• _Your goal_
Your answer must be an exact repetition of every record.

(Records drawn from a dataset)
-*-*-

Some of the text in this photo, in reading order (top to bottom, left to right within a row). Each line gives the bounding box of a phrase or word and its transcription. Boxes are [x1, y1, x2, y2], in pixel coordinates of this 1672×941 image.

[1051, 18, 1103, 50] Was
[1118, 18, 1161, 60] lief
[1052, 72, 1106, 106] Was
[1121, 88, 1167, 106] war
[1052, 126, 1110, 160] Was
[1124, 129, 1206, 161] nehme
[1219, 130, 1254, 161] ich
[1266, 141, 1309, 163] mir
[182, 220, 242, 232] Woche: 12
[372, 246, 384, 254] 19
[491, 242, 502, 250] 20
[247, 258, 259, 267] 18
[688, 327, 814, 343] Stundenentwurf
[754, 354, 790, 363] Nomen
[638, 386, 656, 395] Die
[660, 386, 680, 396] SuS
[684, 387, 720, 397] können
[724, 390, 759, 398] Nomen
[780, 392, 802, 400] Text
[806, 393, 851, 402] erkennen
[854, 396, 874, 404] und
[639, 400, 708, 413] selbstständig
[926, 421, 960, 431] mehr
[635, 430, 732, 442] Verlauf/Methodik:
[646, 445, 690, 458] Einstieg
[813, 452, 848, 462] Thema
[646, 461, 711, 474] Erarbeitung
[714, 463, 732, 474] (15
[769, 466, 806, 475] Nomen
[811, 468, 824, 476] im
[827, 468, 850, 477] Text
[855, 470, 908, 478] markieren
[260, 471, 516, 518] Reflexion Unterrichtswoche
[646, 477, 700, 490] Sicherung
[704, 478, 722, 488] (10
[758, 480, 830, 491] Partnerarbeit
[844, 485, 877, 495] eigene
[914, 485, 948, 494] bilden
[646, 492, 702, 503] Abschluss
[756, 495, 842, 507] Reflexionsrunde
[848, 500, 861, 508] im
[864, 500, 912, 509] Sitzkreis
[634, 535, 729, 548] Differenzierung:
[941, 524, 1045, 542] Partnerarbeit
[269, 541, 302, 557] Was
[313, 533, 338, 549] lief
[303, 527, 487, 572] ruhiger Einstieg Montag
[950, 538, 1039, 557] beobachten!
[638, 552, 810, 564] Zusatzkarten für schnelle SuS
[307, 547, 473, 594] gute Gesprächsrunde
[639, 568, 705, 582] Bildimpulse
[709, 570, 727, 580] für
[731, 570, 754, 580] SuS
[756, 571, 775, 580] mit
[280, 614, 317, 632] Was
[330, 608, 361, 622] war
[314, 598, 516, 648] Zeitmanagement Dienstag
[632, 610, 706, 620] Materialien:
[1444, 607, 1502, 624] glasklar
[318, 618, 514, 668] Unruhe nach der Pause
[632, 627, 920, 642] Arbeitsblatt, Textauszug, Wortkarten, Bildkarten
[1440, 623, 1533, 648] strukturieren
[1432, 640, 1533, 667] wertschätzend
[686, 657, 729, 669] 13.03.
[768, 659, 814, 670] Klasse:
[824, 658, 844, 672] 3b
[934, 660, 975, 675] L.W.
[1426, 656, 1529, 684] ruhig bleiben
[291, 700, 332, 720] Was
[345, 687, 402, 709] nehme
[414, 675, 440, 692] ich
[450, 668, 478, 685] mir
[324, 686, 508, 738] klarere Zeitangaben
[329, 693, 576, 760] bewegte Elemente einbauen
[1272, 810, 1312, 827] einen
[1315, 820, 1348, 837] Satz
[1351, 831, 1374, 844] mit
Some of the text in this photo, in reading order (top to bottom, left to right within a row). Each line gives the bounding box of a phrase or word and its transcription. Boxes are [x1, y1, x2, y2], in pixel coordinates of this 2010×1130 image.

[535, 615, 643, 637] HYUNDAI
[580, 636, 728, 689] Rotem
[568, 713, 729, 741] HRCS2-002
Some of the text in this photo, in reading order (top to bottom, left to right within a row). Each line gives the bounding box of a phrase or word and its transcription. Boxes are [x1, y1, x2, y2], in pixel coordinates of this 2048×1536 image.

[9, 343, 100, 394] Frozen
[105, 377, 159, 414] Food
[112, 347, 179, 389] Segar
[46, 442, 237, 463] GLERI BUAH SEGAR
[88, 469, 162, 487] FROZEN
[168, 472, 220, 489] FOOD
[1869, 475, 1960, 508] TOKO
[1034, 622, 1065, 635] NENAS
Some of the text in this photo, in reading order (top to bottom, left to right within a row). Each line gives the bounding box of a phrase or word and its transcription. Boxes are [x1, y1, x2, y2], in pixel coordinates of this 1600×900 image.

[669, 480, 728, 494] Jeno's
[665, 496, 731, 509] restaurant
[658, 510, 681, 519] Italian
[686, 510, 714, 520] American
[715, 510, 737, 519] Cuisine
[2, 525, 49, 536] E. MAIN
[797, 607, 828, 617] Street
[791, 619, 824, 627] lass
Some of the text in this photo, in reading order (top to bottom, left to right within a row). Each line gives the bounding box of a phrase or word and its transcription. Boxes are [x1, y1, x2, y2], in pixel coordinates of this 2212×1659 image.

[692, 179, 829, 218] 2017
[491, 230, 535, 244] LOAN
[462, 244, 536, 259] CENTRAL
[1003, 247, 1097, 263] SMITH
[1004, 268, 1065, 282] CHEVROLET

-*-*-

• _Task output_
Some of the text in this photo, in reading order (top to bottom, left to right within a row). Each line gives the bounding box of a phrase or word and its transcription. Boxes are [x1, y1, x2, y2], in pixel coordinates of this 1672×941 image.

[1051, 18, 1103, 50] Was
[1118, 18, 1161, 60] lief
[1052, 72, 1106, 106] Was
[1121, 88, 1167, 106] war
[1052, 126, 1110, 160] Was
[1124, 129, 1206, 161] nehme
[1219, 130, 1254, 161] ich
[1266, 141, 1309, 163] mir
[182, 220, 242, 232] Woche: 12
[372, 246, 384, 254] 19
[491, 242, 502, 250] 20
[247, 258, 259, 267] 18
[688, 327, 814, 343] Stundenentwurf
[754, 354, 790, 363] Nomen
[638, 386, 656, 395] Die
[660, 386, 680, 396] SuS
[684, 387, 720, 397] können
[724, 390, 759, 398] Nomen
[780, 392, 802, 400] Text
[806, 393, 851, 402] erkennen
[854, 396, 874, 404] und
[639, 400, 708, 413] selbstständig
[926, 421, 960, 431] mehr
[635, 430, 732, 442] Verlauf/Methodik:
[646, 445, 690, 458] Einstieg
[813, 452, 848, 462] Thema
[646, 461, 711, 474] Erarbeitung
[714, 463, 732, 474] (15
[769, 466, 806, 475] Nomen
[811, 468, 824, 476] im
[827, 468, 850, 477] Text
[855, 470, 908, 478] markieren
[260, 471, 516, 518] Reflexion Unterrichtswoche
[646, 477, 700, 490] Sicherung
[704, 478, 722, 488] (10
[758, 480, 830, 491] Partnerarbeit
[844, 485, 877, 495] eigene
[914, 485, 948, 494] bilden
[646, 492, 702, 503] Abschluss
[756, 495, 842, 507] Reflexionsrunde
[848, 500, 861, 508] im
[864, 500, 912, 509] Sitzkreis
[634, 535, 729, 548] Differenzierung:
[941, 524, 1045, 542] Partnerarbeit
[269, 541, 302, 557] Was
[313, 533, 338, 549] lief
[303, 527, 487, 572] ruhiger Einstieg Montag
[950, 538, 1039, 557] beobachten!
[638, 552, 810, 564] Zusatzkarten für schnelle SuS
[307, 547, 473, 594] gute Gesprächsrunde
[639, 568, 705, 582] Bildimpulse
[709, 570, 727, 580] für
[731, 570, 754, 580] SuS
[756, 571, 775, 580] mit
[280, 614, 317, 632] Was
[330, 608, 361, 622] war
[314, 598, 516, 648] Zeitmanagement Dienstag
[632, 610, 706, 620] Materialien:
[1444, 607, 1502, 624] glasklar
[318, 618, 514, 668] Unruhe nach der Pause
[632, 627, 920, 642] Arbeitsblatt, Textauszug, Wortkarten, Bildkarten
[1440, 623, 1533, 648] strukturieren
[1432, 640, 1533, 667] wertschätzend
[686, 657, 729, 669] 13.03.
[768, 659, 814, 670] Klasse:
[824, 658, 844, 672] 3b
[934, 660, 975, 675] L.W.
[1426, 656, 1529, 684] ruhig bleiben
[291, 700, 332, 720] Was
[345, 687, 402, 709] nehme
[414, 675, 440, 692] ich
[450, 668, 478, 685] mir
[324, 686, 508, 738] klarere Zeitangaben
[329, 693, 576, 760] bewegte Elemente einbauen
[1272, 810, 1312, 827] einen
[1315, 820, 1348, 837] Satz
[1351, 831, 1374, 844] mit
Some of the text in this photo, in reading order (top to bottom, left to right within a row). Each line gives the bounding box of a phrase or word and its transcription. Boxes are [x1, y1, x2, y2], in pixel coordinates of this 2010×1130 image.

[535, 615, 643, 637] HYUNDAI
[580, 636, 728, 689] Rotem
[568, 713, 729, 741] HRCS2-002
Some of the text in this photo, in reading order (top to bottom, left to right within a row). Each line gives the bounding box of a phrase or word and its transcription. Boxes are [x1, y1, x2, y2], in pixel coordinates of this 2048×1536 image.

[9, 343, 100, 394] Frozen
[105, 377, 159, 414] Food
[112, 347, 179, 389] Segar
[46, 442, 237, 463] GLERI BUAH SEGAR
[88, 469, 162, 487] FROZEN
[168, 472, 220, 489] FOOD
[1869, 475, 1960, 508] TOKO
[1034, 622, 1065, 635] NENAS
Some of the text in this photo, in reading order (top to bottom, left to right within a row). Each line gives the bounding box of a phrase or word and its transcription. Boxes are [x1, y1, x2, y2], in pixel coordinates of this 1600×900 image.

[669, 480, 728, 494] Jeno's
[665, 496, 731, 509] restaurant
[658, 510, 681, 519] Italian
[686, 510, 714, 520] American
[715, 510, 737, 519] Cuisine
[2, 525, 49, 536] E. MAIN
[797, 607, 828, 617] Street
[791, 619, 824, 627] lass
Some of the text in this photo, in reading order (top to bottom, left to right within a row). Each line gives the bounding box of a phrase or word and its transcription. Boxes are [x1, y1, x2, y2], in pixel coordinates of this 2212×1659 image.

[692, 179, 829, 218] 2017
[491, 230, 535, 244] LOAN
[462, 244, 536, 259] CENTRAL
[1003, 247, 1097, 263] SMITH
[1004, 268, 1065, 282] CHEVROLET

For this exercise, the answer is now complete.